A few weeks ago, I met Brad Barrett, a CPA who blogs about travel rewards. Brad’s website, Richmond Savers, helps people who want to travel for free, but don’t know how.
Q: What do you think is the biggest misconception people have about using credit cards for points/miles?
A: I think people are concerned that it is going to take up a lot of time and effort to earn the points and probably most importantly, they think it’ll be nearly impossible to actually redeem them because of all the “blackout dates.”
I try to approach this entire concept from the ‘low stress’ perspective, so I am not constantly juggling multiple cards or doing any crazy things to reach the spending requirements. We just go one card at a time and use it until we earn the large signup bonus which can often be around 50,000 points. We can usually get at least $500 - $1,000 of value out of each of these bonuses, so you can understand why this can be so lucrative!
Redeeming points doesn’t have to be that difficult either, but you have to know the rules of the game and preferably go for programs that are easy to use and have a lot of award availability.
Southwest Airlines and the major hotel chains (I focus on Starwood, Hyatt and Club Carlson) are all these low-stress options. Of the major airlines I like United the best because their search functionality is user-friendly and they have a lot of partner flights available.
Q: Why do you think people get so obsessed over cash back percentages when the returns are fairly low?
A: Because cash deposited into your bank account feels nice!

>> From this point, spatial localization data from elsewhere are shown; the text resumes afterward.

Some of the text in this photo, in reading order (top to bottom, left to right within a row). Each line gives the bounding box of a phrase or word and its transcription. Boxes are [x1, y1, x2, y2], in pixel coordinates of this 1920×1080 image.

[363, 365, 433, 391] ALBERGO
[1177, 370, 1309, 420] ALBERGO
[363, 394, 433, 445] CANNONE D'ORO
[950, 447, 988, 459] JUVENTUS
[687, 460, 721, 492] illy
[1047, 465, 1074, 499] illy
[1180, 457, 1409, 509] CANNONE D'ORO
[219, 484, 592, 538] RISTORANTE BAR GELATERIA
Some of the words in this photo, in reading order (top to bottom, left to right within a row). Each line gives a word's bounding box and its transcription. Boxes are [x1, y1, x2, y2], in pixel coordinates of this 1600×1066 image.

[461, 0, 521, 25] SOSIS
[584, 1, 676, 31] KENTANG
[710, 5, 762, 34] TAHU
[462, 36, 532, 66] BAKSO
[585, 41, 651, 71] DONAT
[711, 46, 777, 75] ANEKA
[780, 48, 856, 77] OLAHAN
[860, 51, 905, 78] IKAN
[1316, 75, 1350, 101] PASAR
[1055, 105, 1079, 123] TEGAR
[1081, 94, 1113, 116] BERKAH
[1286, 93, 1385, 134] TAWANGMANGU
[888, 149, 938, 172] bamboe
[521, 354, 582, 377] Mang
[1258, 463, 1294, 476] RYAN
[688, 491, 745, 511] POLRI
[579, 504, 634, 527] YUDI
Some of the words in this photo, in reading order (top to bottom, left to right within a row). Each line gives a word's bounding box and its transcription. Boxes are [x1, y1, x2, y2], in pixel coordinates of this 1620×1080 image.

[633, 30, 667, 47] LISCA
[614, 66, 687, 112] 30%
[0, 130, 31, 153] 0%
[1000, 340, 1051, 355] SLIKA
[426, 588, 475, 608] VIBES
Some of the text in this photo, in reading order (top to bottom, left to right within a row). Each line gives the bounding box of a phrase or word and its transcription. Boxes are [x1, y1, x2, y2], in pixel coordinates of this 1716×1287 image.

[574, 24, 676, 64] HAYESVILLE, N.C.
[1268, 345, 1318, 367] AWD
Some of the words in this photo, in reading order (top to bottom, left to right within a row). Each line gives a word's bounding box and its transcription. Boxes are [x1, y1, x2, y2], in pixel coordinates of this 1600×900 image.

There’s no denying that, right? Seriously though, the main reason is that most people have zero clue that these signup bonuses exist, just how lucrative they are, and how many you can earn over time.
We’ve all been conditioned to think that opening credit cards is “bad” and that it will “ruin” your credit score. So people plod along using the same old card getting maybe 1-2% back.
What’s bad about credit cards is credit card debt and paying interest! You should never get into this hobby if you do not pay your credit cards on time and in full every month, or if you might spend more than you otherwise would have because you’re using the card.
The real value is in these signup bonuses, which as I mentioned can be worth $500 - $1,000 very easily. So all the 2% back in the world is not going to top that one 50,000 point bonus you earned.
Now imagine the value you can get if you open a few cards a year!
Q: How often do you open cards?
A: My wife and I do this is in a much more conservative and measured manner than many people, but it works for us. I always tell people that you have to do what you are comfortable with and there is value in just about any approach.
Depending on the minimum spending requirements, we probably open 6-10 new cards per year. We just concentrate on one card at a time and once we’re done with that spending requirement we move on to the next card.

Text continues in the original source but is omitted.